_Exercise description_
What you return should be the full listing, copied exactly and stripped of its pictures.

_Data_
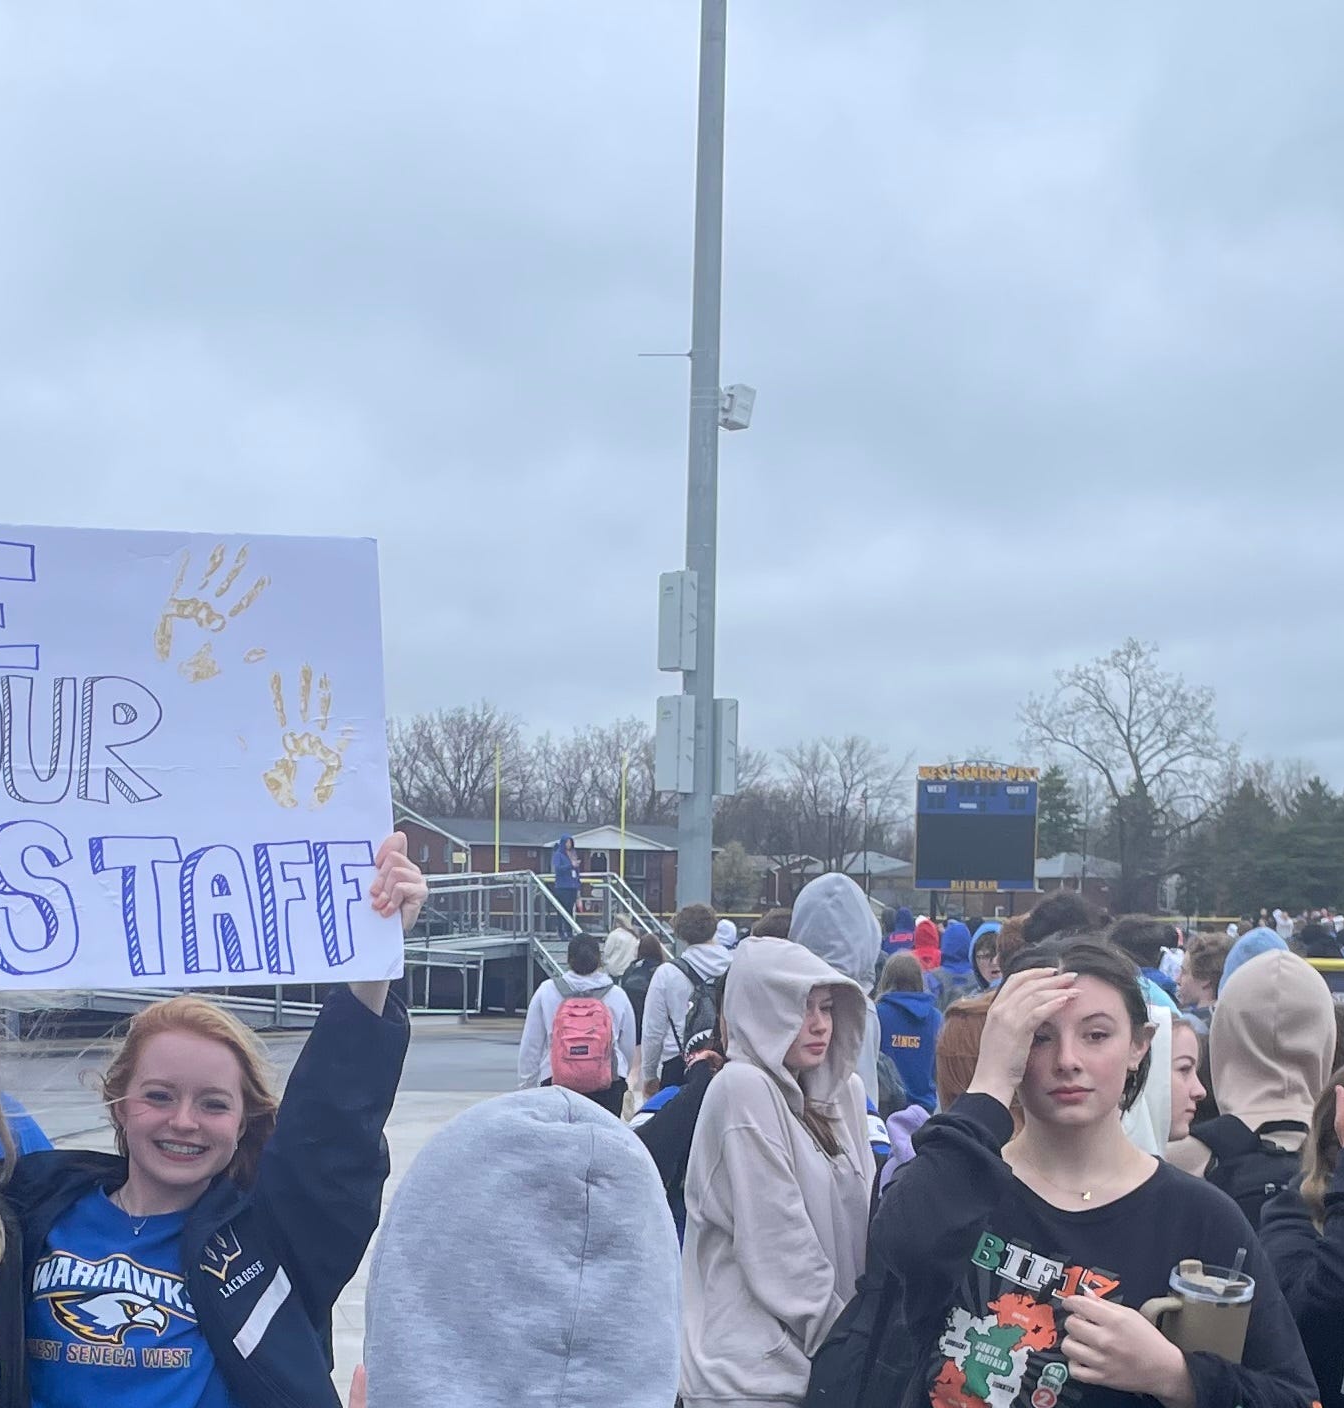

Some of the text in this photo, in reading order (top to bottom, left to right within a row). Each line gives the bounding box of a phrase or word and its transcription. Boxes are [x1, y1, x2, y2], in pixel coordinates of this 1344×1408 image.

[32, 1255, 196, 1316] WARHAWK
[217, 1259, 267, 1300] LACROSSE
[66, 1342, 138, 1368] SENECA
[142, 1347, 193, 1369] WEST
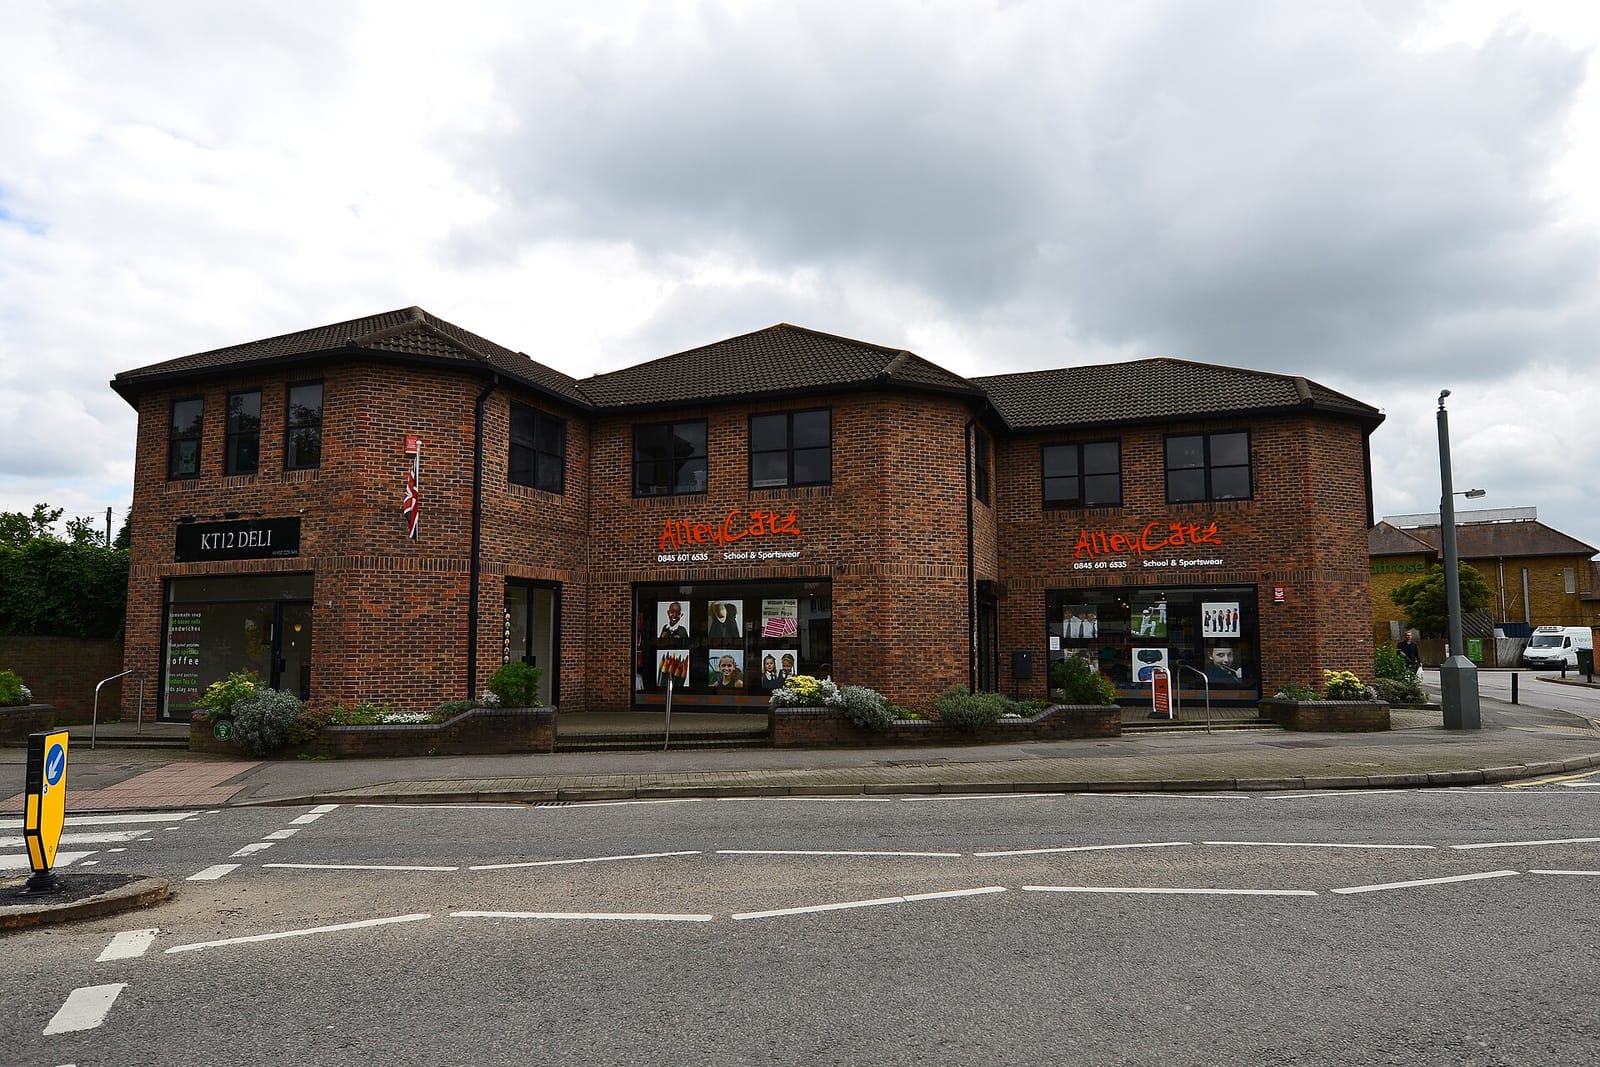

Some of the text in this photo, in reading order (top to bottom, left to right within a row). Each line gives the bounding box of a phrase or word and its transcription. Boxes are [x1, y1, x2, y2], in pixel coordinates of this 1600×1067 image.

_Reply to the task_
Some of the text in this photo, in reading order (top to bottom, left to right within a row). Each line gives the bounding box of a phrase or word and its transcription. Boxes are [x1, y1, x2, y2], in pixel coordinates of this 1344×1408 image.

[32, 1255, 196, 1316] WARHAWK
[217, 1259, 267, 1300] LACROSSE
[66, 1342, 138, 1368] SENECA
[142, 1347, 193, 1369] WEST

Some of the text in this photo, in reading order (top to bottom, left to right within a row). Each line gives the bounding box of a phrase or word and its transcription. Boxes are [x1, y1, x2, y2], in pixel coordinates of this 1600×1067 image.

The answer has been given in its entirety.